[Spatial localization data]

↓

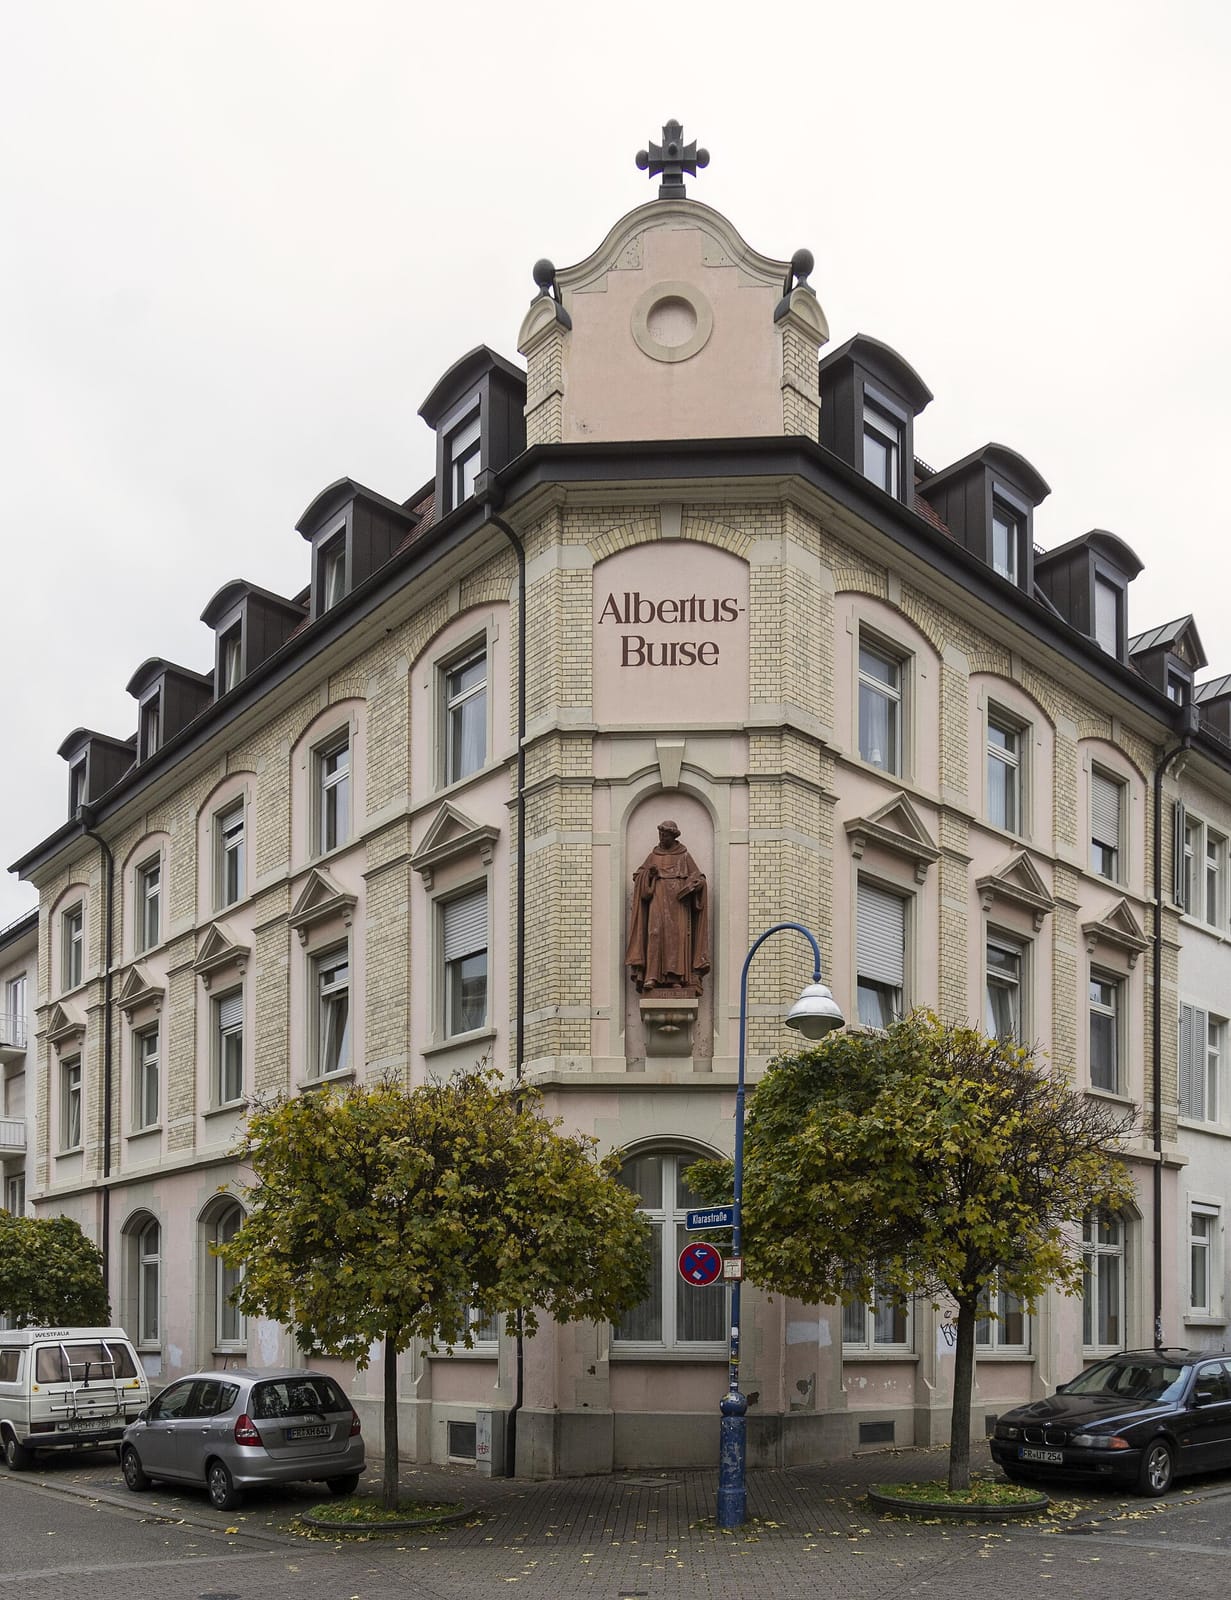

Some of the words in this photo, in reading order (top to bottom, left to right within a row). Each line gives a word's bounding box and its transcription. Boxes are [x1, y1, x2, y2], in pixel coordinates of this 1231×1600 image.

[597, 591, 746, 624] Albertus-
[620, 635, 720, 667] Burse
[692, 1211, 728, 1225] Klarastraße
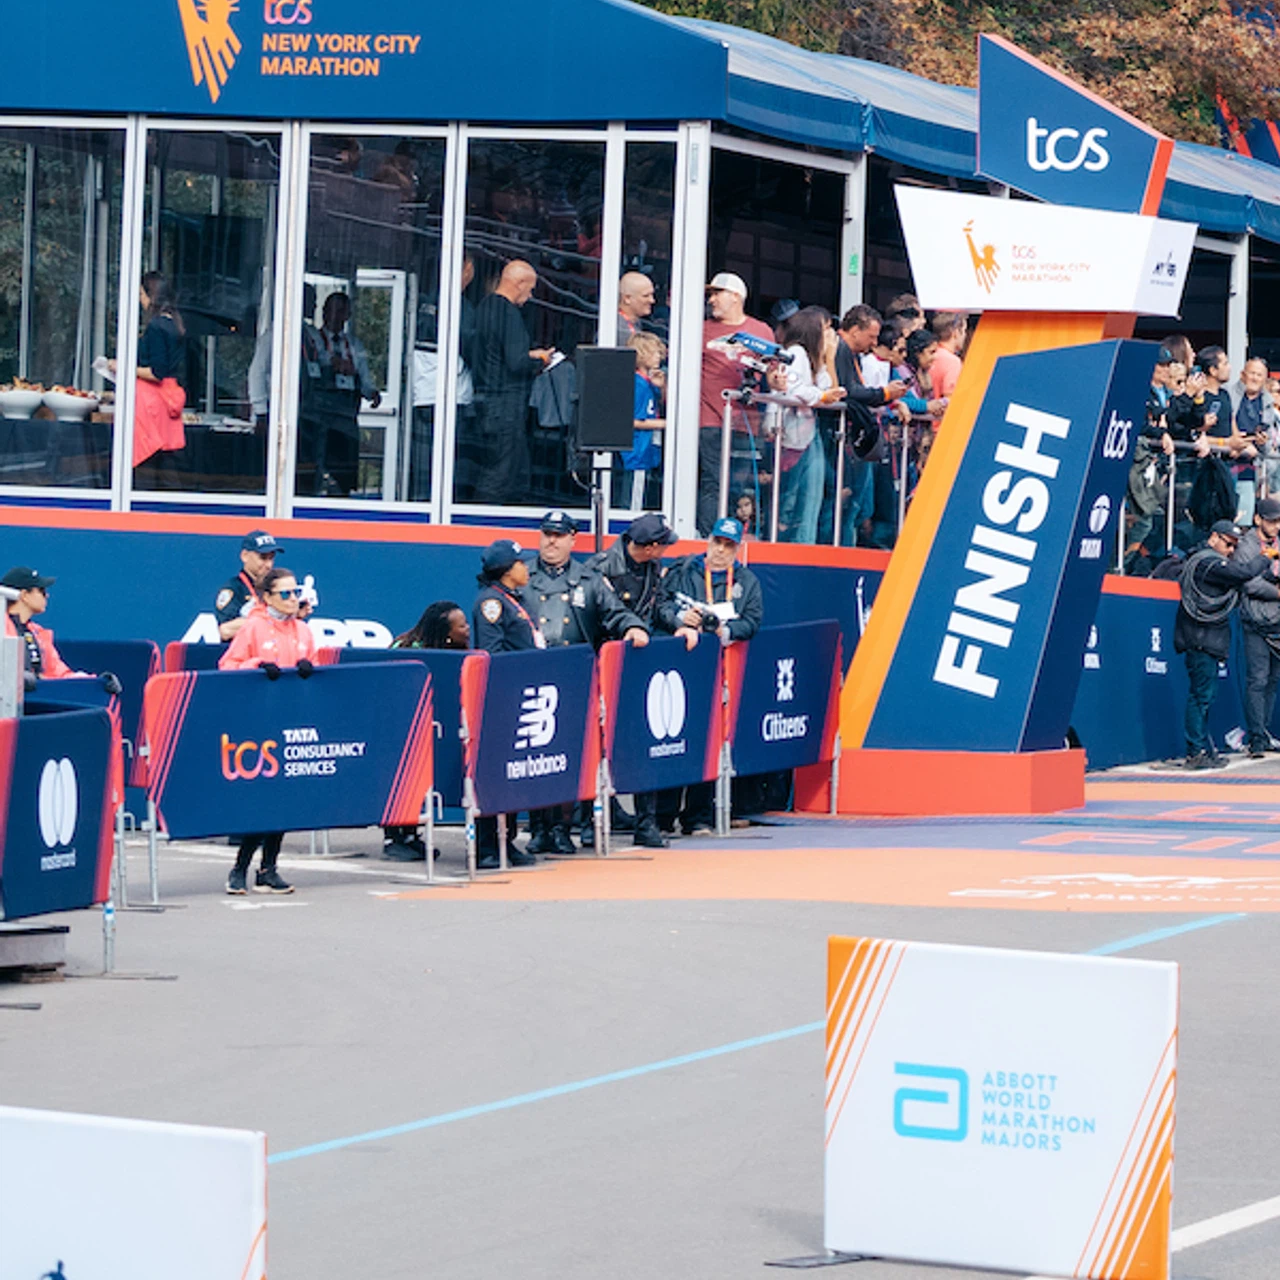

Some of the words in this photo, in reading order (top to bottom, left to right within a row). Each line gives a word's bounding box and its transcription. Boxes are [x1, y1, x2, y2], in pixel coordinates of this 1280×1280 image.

[262, 33, 312, 52] NEW
[315, 34, 371, 53] YORK
[374, 34, 421, 54] CITY
[261, 56, 380, 76] MARATHON
[1026, 117, 1110, 171] tcs
[1012, 245, 1036, 259] tcs
[1103, 410, 1132, 459] tcs
[933, 403, 1071, 699] FINISH
[283, 728, 319, 742] TATA
[763, 713, 808, 741] Citizens
[220, 733, 279, 780] tcs
[283, 741, 366, 760] CONSULTANCY
[284, 759, 337, 776] SERVICES
[507, 758, 527, 780] new
[527, 753, 567, 775] balance
[982, 1071, 1058, 1092] ABBOTT
[982, 1090, 1051, 1111] WORLD
[981, 1111, 1096, 1134] MARATHON
[981, 1131, 1062, 1152] MAJORS
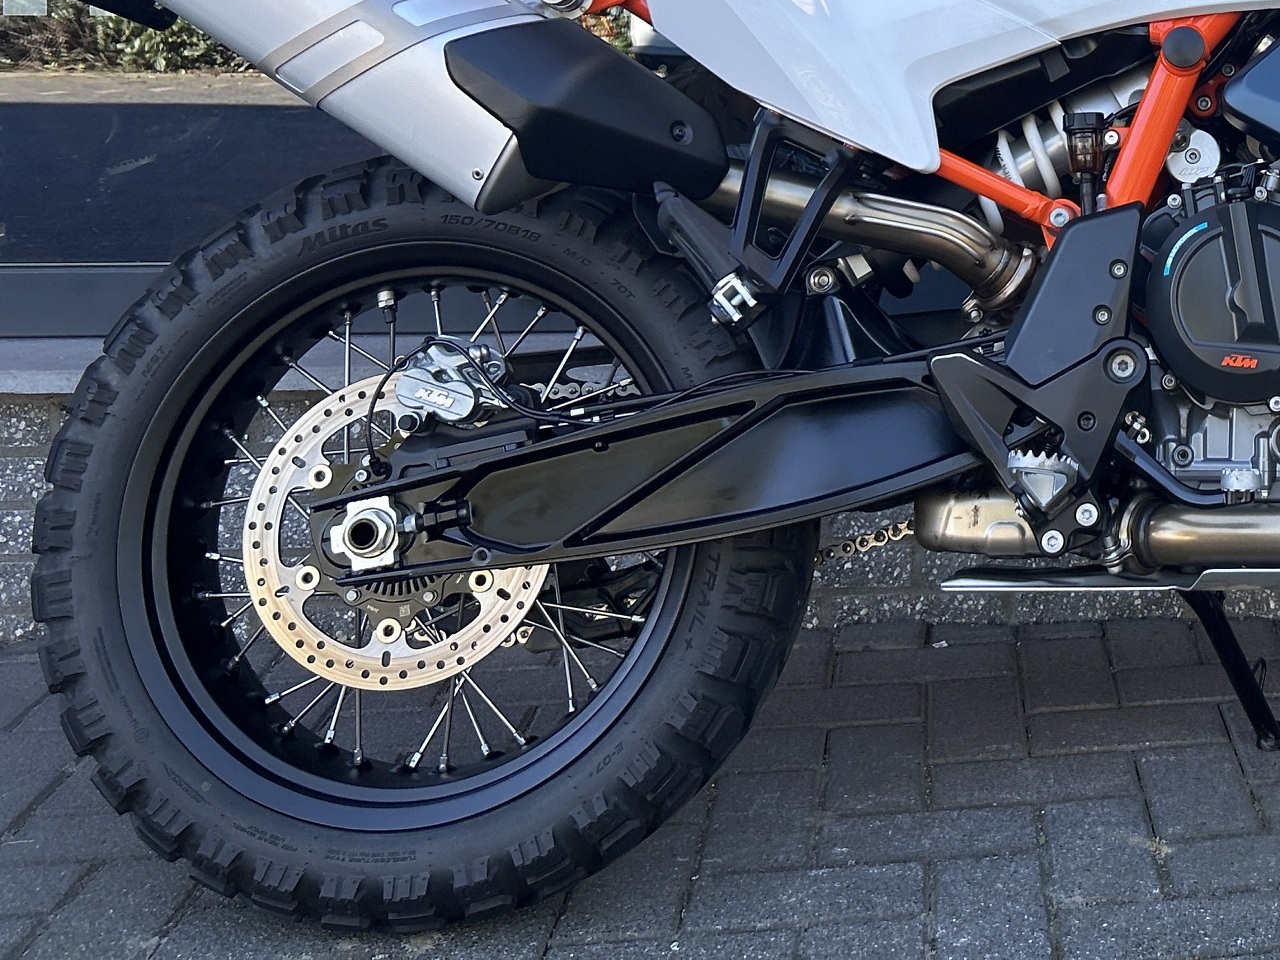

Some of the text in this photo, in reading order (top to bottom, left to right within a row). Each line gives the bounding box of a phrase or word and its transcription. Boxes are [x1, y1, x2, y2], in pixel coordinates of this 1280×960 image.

[293, 216, 389, 258] Mitas
[439, 212, 542, 244] 150/70B18
[609, 277, 636, 302] 70T
[1221, 353, 1259, 369] KTM
[414, 385, 456, 409] KTM
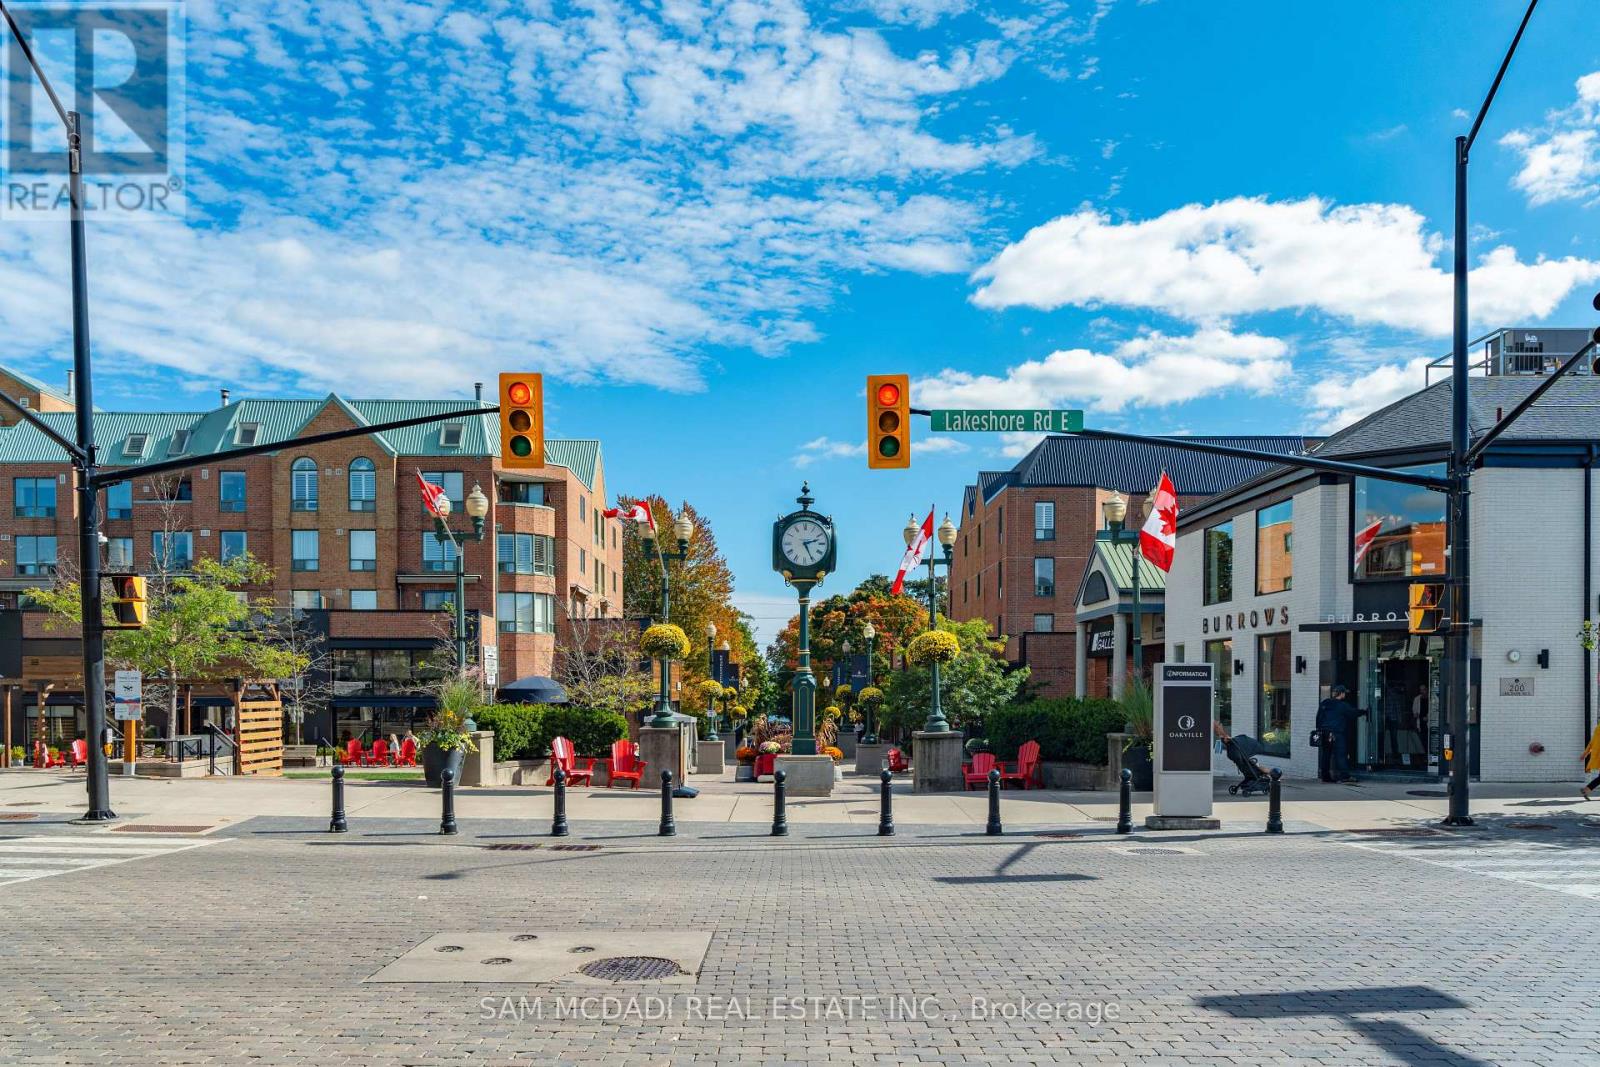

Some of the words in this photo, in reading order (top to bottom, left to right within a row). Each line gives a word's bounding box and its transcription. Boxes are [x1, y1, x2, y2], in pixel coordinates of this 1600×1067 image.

[945, 410, 1025, 431] Lakeshore
[1033, 411, 1053, 431] Rd
[1061, 411, 1069, 431] E
[1202, 605, 1289, 634] BURROWS
[1509, 684, 1525, 692] 200
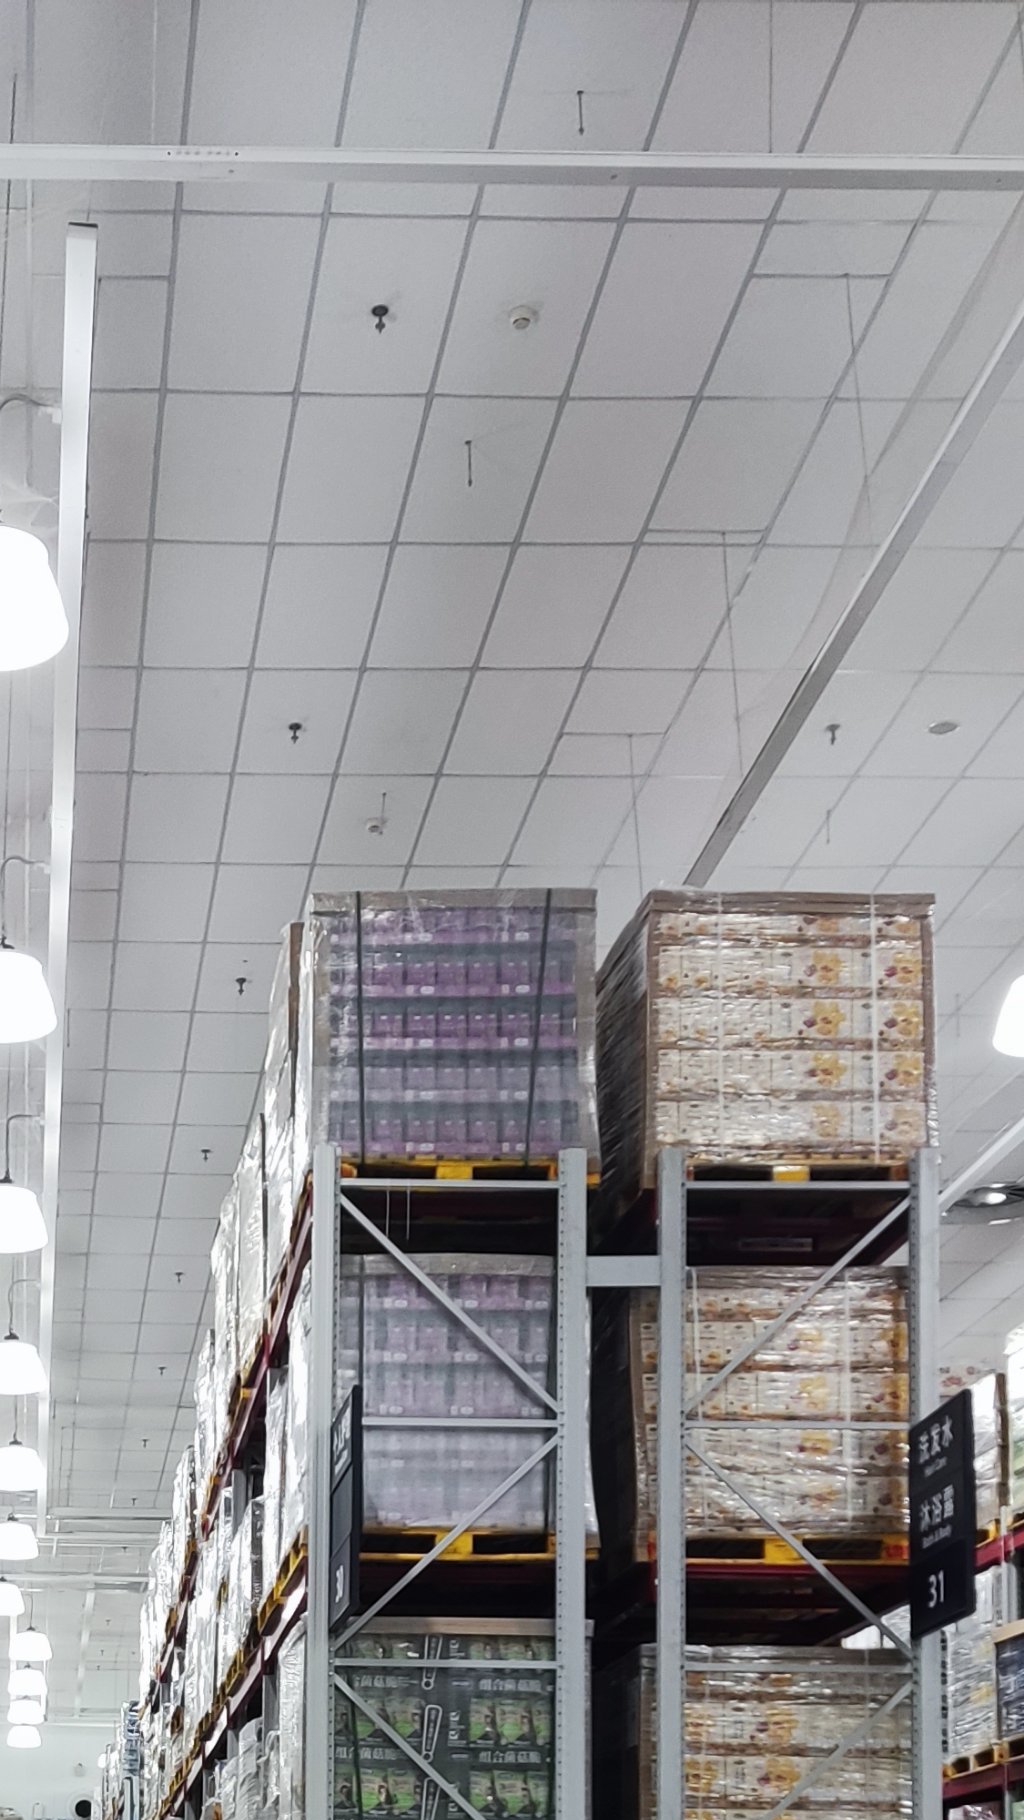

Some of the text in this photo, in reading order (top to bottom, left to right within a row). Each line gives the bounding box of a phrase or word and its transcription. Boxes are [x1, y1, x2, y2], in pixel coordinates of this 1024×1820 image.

[918, 1415, 954, 1465] 洗发水
[919, 1484, 954, 1533] 沐浴露
[928, 1569, 944, 1609] 31

↑

Transcribe, word for word, every line from the one containing "this 1024×1820 image." through the final line of the entries, and nothing else.

Some of the text in this photo, in reading order (top to bottom, left to right within a row). Each line gives the bounding box of a phrase or word and its transcription. Boxes are [x1, y1, x2, y2], in pixel coordinates of this 1024×1820 image.

[918, 1415, 954, 1465] 洗发水
[919, 1484, 954, 1533] 沐浴露
[928, 1569, 944, 1609] 31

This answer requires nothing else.